I once sat in for a week at my friend's ISP - they'd fired their support company and had a week with no coverage before the new support contractor came in. She begged and pleaded and paid me to come down to connecticut, sleep on the couch and be the tech support department for that week. I asked for big bucks, but I did it (it was hell - never again). The CEO had this huge pile of resumes for the support job. I watched him rapidly go through them, and it was amazing how fast some went into the trash. I asked him, "How do you know so fast to throw away those resumes?" He replied, "Oh, those were MCSEs (Microsoft Certified Support Engineer). This did not surprise me - a year earlier I had dinner with a friend from high school that I had not seen in years. He'd just passed his MCSE test. Over dinner he asked me this question: "So, I understand what HTTP is. And I know what HTML is. But what's 'the browser'?" Which goes to show just what technical certifications of that sort are worth - they're only useful if you're interviewing for a company large and dumb enough that the interview process is checking off formal training and qualifications, not whether you actually know anything.
One of the best examples of how to do the opposite comes from when I was in college. I wanted to take electronic music - they had all these 1960's Moog synths I wanted to play with. I got really lucky, and Everett Hafner was the guy who decided if I got in or not. My music reading skills were and are almost non-existent. So he tested me on intervals - play them - could I tell a fourth from a fifth - he actually tested what I intuitively *knew*, not my knowledge of classical music theory. And that's the ideal job interview - you don't want to find out what someone can regurgitate by memory, you want to find out how they think on their feet.

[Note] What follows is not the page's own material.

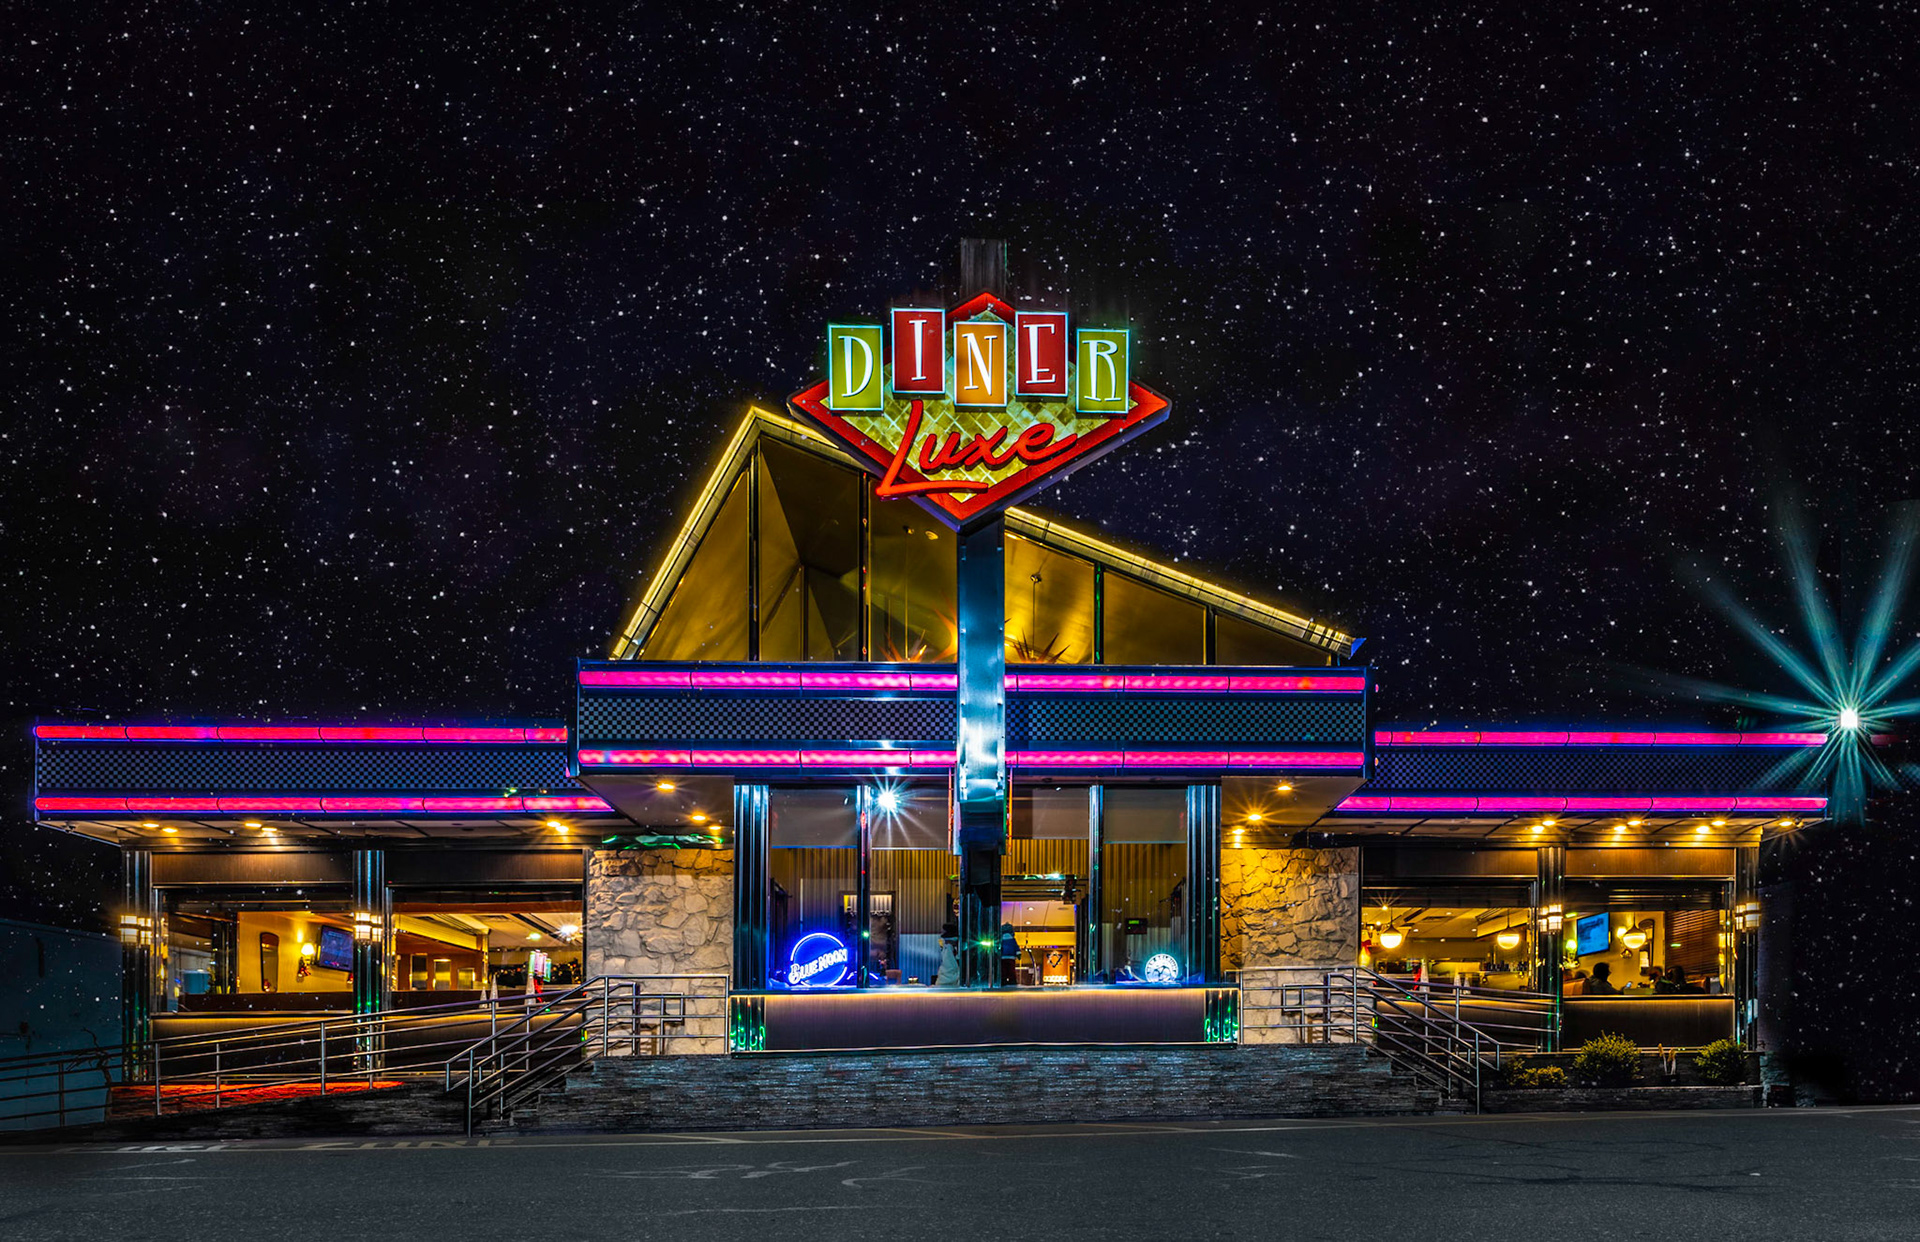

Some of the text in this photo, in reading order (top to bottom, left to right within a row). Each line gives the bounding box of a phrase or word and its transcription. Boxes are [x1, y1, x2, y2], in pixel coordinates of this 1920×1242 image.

[837, 318, 1121, 402] DINER
[875, 399, 1078, 500] Luxe
[788, 948, 848, 984] BLUE MOON
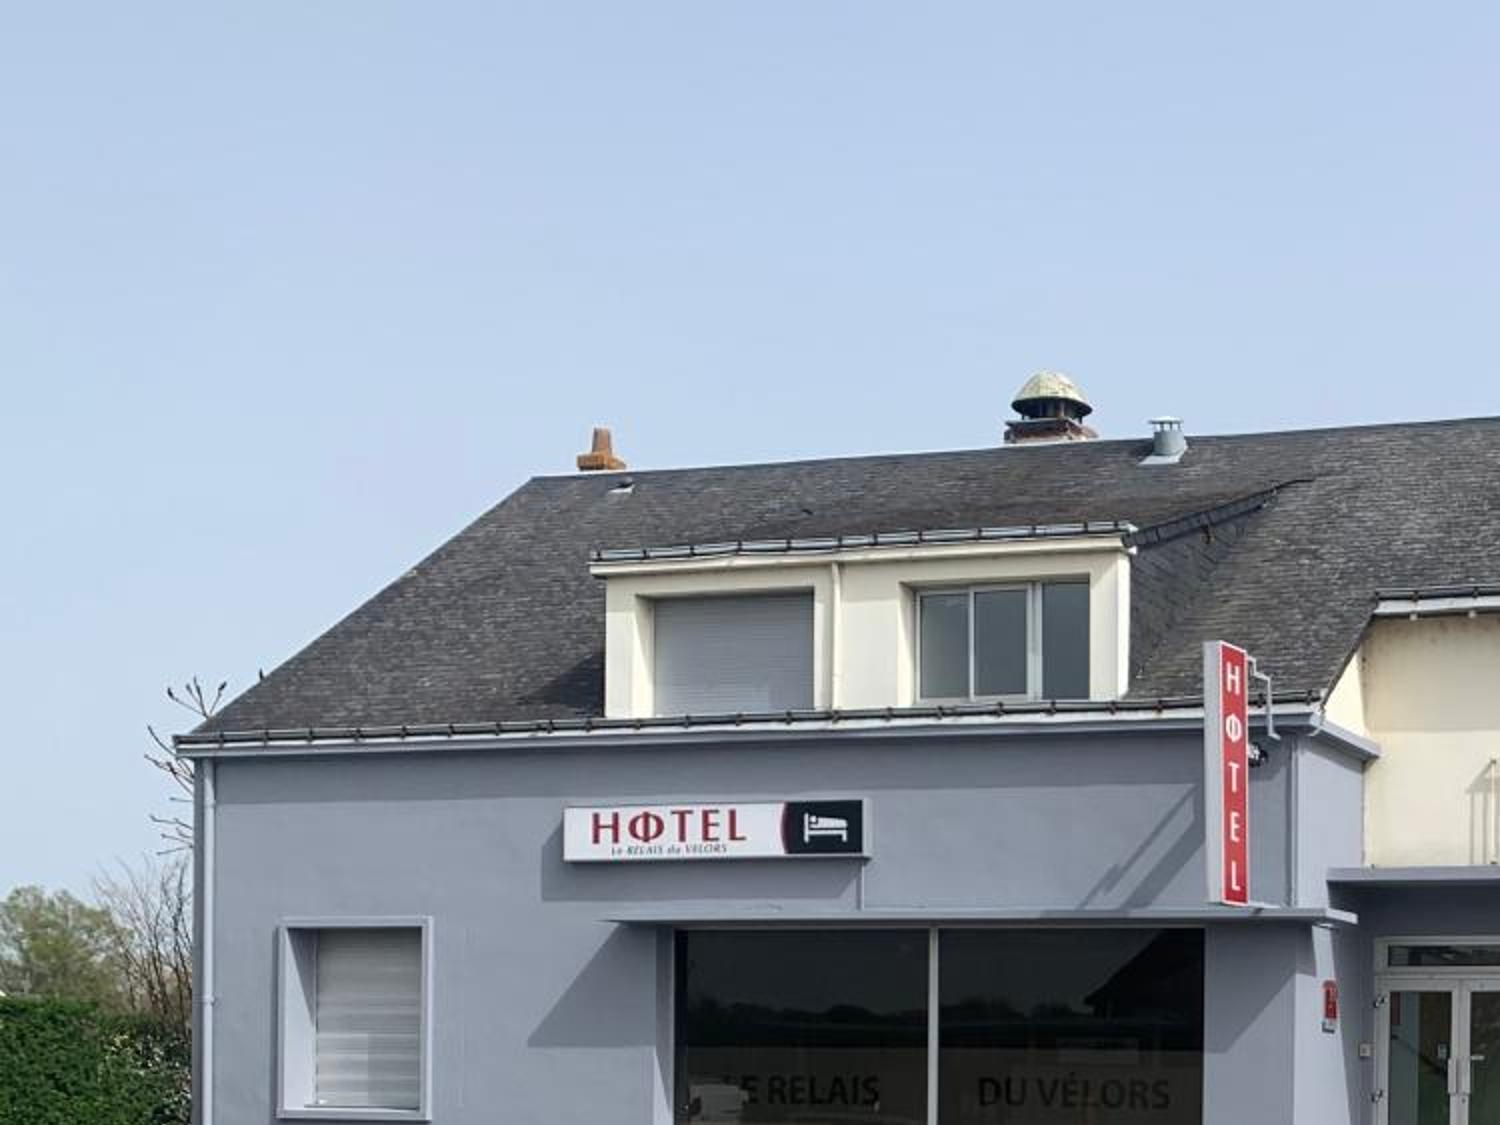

That was a revelation - that there are people in the world who will look at your skills not your paper qualifications. I'd suggest that any company focused on paper qualifications is not one you want to work for. If they can't invest the time to find out who you are, they never will, and that doesn't lead to happiness.
So, back to RedHat, or my perception of what's going on there: it's sad to see the same sad story repeated. The enterprise bandwagon is very seductive. It lures you to think you're so comfortable that you're comfortable permanently. And if you're not careful, that's exactly what you'll be.